Required action
The copy must match the data word for word and contain no pictures.

The records
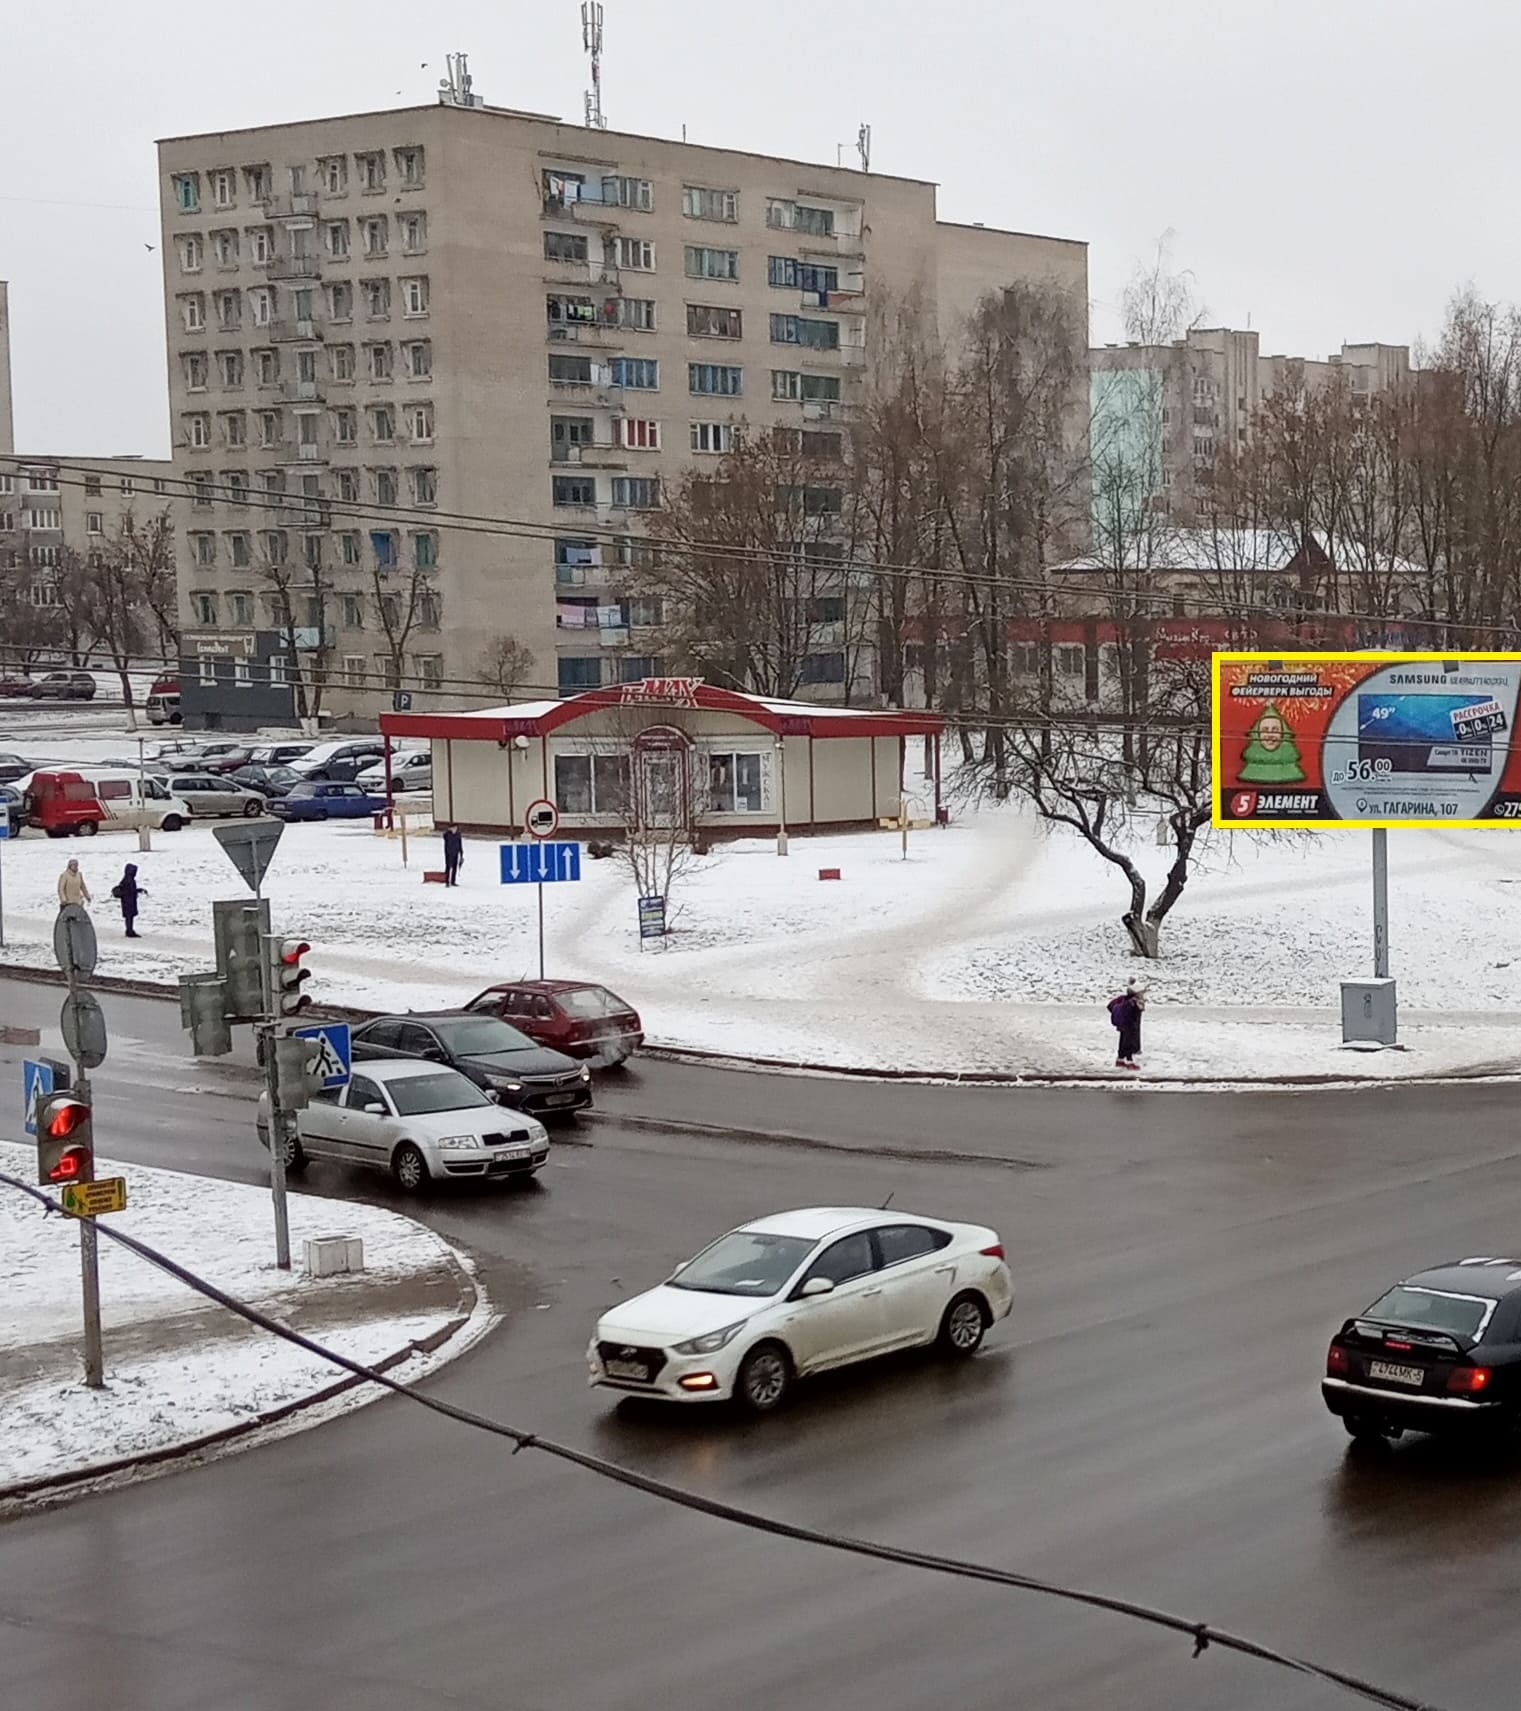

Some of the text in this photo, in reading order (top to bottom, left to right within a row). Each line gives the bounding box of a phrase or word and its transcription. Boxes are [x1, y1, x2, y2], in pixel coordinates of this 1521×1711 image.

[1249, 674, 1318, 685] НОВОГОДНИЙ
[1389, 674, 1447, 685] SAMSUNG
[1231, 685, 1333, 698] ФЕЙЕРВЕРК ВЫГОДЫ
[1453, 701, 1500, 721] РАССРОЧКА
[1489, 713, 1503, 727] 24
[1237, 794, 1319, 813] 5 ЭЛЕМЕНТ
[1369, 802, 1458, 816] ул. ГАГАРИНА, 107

Solution to this task
Some of the text in this photo, in reading order (top to bottom, left to right within a row). Each line gives the bounding box of a phrase or word and its transcription. Boxes are [x1, y1, x2, y2], in pixel coordinates of this 1521×1711 image.

[1249, 674, 1318, 685] НОВОГОДНИЙ
[1389, 674, 1447, 685] SAMSUNG
[1231, 685, 1333, 698] ФЕЙЕРВЕРК ВЫГОДЫ
[1453, 701, 1500, 721] РАССРОЧКА
[1489, 713, 1503, 727] 24
[1237, 794, 1319, 813] 5 ЭЛЕМЕНТ
[1369, 802, 1458, 816] ул. ГАГАРИНА, 107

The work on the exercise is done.